The action is one to quiet title to a parcel of land situate in the county of Tehama. Judgment in favor of the plaintiff was entered on the fifth day of July, 1911. On August 7, 1911, the defendant Rose Matthai filed her notice of intention to move for a new trial. The defendant Louise Matthai had theretofore, to wit, on July 18, 1911, filed a notice of intention to move to vacate and set aside the judgment. The plaintiff, in October, 1911, served and filed a notice that he would move the court for an order striking out the proposed statement of the defendant Rose Matthai and the affidavits on motion for a new trial, and dismissing the motion of Rose Matthai for a new trial and the motion of Louise Matthai for an order vacating and setting aside the judgment. On November 15, 1911, the court made its order granting the plaintiff’s motion as just set forth.
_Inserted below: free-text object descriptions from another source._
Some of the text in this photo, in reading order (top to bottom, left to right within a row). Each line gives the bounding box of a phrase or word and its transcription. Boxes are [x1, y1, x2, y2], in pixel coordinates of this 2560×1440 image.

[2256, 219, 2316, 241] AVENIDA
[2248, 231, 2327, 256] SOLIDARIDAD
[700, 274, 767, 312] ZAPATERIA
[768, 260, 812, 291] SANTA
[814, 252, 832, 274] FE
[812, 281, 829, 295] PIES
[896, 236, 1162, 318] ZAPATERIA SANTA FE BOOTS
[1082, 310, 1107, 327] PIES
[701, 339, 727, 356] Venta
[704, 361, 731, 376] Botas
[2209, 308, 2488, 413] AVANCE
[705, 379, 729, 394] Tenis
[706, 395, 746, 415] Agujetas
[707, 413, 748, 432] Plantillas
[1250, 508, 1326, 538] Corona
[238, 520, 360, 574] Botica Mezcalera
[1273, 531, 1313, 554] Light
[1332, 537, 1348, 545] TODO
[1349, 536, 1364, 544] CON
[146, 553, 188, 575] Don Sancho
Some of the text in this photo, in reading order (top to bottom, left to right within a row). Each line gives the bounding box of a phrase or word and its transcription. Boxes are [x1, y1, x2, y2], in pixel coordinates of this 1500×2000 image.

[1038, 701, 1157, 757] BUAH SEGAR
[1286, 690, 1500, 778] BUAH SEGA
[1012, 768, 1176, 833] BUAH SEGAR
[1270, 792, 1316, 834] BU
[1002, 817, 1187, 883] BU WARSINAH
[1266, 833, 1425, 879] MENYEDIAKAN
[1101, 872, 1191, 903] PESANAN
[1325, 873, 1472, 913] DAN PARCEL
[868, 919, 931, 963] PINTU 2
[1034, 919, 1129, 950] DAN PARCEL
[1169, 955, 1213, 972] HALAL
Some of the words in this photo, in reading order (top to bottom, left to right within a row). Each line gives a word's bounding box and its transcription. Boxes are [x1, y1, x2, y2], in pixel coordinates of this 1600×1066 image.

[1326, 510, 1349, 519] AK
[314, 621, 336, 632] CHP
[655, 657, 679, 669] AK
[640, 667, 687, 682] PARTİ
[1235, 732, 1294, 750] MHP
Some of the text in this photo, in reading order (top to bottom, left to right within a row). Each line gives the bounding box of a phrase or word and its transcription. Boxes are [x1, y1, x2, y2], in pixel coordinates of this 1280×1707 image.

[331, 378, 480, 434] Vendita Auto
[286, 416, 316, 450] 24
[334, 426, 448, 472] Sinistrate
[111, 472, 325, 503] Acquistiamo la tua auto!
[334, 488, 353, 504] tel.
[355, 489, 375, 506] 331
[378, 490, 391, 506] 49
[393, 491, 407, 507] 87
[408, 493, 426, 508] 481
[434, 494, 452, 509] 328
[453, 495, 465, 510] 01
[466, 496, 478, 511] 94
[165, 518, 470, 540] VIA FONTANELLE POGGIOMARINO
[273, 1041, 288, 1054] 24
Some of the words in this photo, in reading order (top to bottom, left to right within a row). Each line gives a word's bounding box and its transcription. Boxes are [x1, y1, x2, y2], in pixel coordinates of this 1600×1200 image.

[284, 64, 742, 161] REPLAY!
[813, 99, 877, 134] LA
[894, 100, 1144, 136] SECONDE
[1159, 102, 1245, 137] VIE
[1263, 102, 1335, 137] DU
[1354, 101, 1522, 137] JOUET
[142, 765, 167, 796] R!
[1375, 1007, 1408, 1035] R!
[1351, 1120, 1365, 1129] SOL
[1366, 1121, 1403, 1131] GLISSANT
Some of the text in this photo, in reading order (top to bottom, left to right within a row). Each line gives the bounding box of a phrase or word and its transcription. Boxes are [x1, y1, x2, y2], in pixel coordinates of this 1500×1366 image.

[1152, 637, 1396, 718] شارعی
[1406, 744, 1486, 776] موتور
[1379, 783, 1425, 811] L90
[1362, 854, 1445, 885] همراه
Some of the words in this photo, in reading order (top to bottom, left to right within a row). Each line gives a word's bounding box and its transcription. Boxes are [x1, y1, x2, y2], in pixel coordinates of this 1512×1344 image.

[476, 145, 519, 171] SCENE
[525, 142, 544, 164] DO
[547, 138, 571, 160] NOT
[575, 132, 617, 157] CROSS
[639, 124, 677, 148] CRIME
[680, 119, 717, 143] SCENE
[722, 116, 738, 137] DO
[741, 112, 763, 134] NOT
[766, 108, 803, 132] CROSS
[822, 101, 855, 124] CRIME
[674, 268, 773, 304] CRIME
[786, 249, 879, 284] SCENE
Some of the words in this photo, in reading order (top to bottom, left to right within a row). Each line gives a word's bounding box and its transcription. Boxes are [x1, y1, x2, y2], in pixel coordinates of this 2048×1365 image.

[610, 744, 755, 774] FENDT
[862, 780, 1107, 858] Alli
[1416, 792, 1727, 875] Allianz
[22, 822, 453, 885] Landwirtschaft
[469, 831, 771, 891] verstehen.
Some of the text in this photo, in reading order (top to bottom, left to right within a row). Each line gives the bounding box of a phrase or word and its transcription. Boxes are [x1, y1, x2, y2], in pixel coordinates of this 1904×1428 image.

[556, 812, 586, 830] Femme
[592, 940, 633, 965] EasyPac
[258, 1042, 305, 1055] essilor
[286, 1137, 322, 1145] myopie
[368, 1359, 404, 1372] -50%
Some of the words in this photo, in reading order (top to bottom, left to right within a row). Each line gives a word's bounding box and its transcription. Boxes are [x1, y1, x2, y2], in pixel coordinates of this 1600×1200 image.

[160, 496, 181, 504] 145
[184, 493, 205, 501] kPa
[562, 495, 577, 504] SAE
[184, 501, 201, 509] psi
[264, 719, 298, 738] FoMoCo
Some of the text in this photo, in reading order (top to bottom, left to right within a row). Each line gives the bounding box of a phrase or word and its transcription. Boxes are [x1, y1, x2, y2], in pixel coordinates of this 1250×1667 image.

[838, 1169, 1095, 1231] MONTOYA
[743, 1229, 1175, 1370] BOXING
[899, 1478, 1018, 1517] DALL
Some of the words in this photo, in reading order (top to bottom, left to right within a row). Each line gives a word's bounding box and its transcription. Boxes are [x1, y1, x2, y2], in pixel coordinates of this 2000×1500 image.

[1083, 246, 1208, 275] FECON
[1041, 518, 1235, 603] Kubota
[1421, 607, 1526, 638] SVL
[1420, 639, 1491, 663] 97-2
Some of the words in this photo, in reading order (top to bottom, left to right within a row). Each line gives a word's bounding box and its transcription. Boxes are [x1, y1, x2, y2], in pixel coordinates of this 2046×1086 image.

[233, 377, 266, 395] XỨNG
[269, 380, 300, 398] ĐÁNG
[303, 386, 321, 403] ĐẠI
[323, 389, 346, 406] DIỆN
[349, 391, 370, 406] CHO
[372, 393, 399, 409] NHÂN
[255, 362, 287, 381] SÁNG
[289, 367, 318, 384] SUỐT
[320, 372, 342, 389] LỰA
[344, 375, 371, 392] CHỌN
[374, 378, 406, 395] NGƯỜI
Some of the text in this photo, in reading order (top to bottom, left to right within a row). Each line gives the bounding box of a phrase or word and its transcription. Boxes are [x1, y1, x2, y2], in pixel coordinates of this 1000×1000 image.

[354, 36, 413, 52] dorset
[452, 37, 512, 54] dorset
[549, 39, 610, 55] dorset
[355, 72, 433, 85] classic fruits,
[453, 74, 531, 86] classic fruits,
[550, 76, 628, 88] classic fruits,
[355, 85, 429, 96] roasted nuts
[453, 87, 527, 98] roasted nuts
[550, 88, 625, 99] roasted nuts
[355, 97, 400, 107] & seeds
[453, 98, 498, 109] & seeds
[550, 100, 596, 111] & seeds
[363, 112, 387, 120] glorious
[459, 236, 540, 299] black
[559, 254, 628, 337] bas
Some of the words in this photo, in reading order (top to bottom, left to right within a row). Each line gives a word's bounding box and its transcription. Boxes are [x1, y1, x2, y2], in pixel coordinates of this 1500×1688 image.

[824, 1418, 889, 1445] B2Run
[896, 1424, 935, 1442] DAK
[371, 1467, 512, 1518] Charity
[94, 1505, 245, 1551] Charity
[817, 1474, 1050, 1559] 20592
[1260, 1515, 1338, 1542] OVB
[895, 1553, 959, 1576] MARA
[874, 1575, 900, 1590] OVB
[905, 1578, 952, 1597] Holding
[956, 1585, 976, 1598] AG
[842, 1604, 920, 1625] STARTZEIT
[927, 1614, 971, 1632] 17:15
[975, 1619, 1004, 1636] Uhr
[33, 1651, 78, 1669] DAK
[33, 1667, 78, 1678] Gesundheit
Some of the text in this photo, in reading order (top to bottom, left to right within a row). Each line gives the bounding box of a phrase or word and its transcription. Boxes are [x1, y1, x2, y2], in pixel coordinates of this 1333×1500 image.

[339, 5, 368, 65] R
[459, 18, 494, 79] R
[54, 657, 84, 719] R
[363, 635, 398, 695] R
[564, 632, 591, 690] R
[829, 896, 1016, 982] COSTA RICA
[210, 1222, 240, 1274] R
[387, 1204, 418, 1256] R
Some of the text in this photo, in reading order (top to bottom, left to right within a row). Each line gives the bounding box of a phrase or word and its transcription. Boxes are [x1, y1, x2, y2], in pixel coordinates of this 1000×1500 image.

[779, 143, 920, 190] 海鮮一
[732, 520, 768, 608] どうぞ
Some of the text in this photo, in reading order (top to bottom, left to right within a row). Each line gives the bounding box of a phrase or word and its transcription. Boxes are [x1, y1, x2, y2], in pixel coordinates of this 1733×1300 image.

On January 2, 1912, the defendants filed a notice of appeal, whereby they stated that they appealed from the judgment, and also from the order of November 15, 1911, striking out the defendant Rose Matthai’s proposed statement and the affidavits on motion for new trial, and dismissing the motion of Rose Matthai for a new trial and the motion of Louise Matthai for an order vacating and setting aside the judgment.
[252]
The plaintiff has moved to dismiss the appeal from the judgment and also the appeal (or appeals) from the orders of November 15, 1911.
Among the grounds urged for the dismissal of the appeal from the judgment are: “That the said appeal was not taken within the time required by law therefor . . .; 2. That no valid or sufficient undertaking on appeal has been given or filed by said defendants or either of them on said appeal or on any of the appeals herein.”
Of course, if the appeal may be regarded as taken under the “new and alternative method” provided by sections 941a, 941b, and 941c of the Code of Civil Procedure, any defects in the undertaking must be disregarded for the reason that under those sections no undertaking is required. And it is thoroughly settled in this court that an appeal will not be dismissed where the appellant has complied with all of the requirements of the new method, even though he may have supposed he was proceeding under the old method and may have made an ineffectual attempt to take some of the steps necessary before the enactment of the new .provisions.